Written Answers. - Waste Management.

Proinsias De Rossa


54 Proinsias De Rossa asked the Minister for the Environment and Local Government the steps, if any, he will take to promote greater recycling of waste; if his attention has been drawn to the fact that there is now no kerbside collection of recyclable waste in Dublin; and if he will make a statement on the matter. [10023/00]

As outlined in my policy statement Changing our Ways, overall Government policy on waste management is committed to a dramatic reduction in reliance on landfill, in favour of an integrated waste management approach which will deliver ambitious waste recycling and recovery targets. These include recycling of 35% of municipal waste, recycling at least 50% of C&D waste within a five year period, with a progressive increase to at least 85% over 15 years, and the development of composting and other feasible biological treatment facilities capable of treating up to 300,000 tonnes of organic waste annually.

Local authorities have adopted or are currently engaged in finalising a range of regional and local waste management plans aimed at meeting these recovery targets. Typically, these plans incorporate proposals for household segregation and kerbside collection of organic waste and dry recyclables in urban areas; an extended network of "bring" facilities in rural areas; an increased network of civic amenity sites and waste transfer stations and a range of waste treatment and disposal facilities.
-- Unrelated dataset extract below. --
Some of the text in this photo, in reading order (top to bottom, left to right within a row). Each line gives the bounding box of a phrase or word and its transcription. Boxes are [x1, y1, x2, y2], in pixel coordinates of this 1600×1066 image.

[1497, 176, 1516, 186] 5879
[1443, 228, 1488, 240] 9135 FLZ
To support the delivery of improved waste management services and infrastructure under these plans, some £650 million is earmarked for capital investment in the development of waste management infrastructure under the National Development Plan 2000-2006. Of this, some £100 million in Exchequer-EU funding will be provided to support the development of requisite waste recovery infrastructure over the life of the plan.
The four local authorities in Dublin have adopted a comprehensive regional waste management plan which aims at ensuring the recycling and biological treatment of some 60% of municipal waste arisings, and are actively engaged in its implementation. In this regard, Dublin local authorities are currently finalising arrangements for the establishment, and progressive extension throughout the region, of household segregation and kerbside collection services for organic and dry recyclable materials. I understand that these arrangements, which will effectively subsume the service hitherto provided by Kerbside Dublin Limited, will be announced very shortly. Ultimately, it is intended that this new service will encompass some 80% of households in the region, and it will be supplemented by an extension of the current network of bring banks and the development of new civic amenity sites for the reception of green waste and bulky items, including white and brown goods.
It is my intention to further expand upon the policy issues and guidance outlined in Changing our Ways with the publication this year of a further policy statement focusing on waste minimisation, recycling and waste recovery generally. This policy document will address the factors and practical considerations which are relevant to the achievement of Government policy objectives and targets in this area, and will outline the scope of measures which will be undertaken in the interests of a sustained expansion in recycling performance.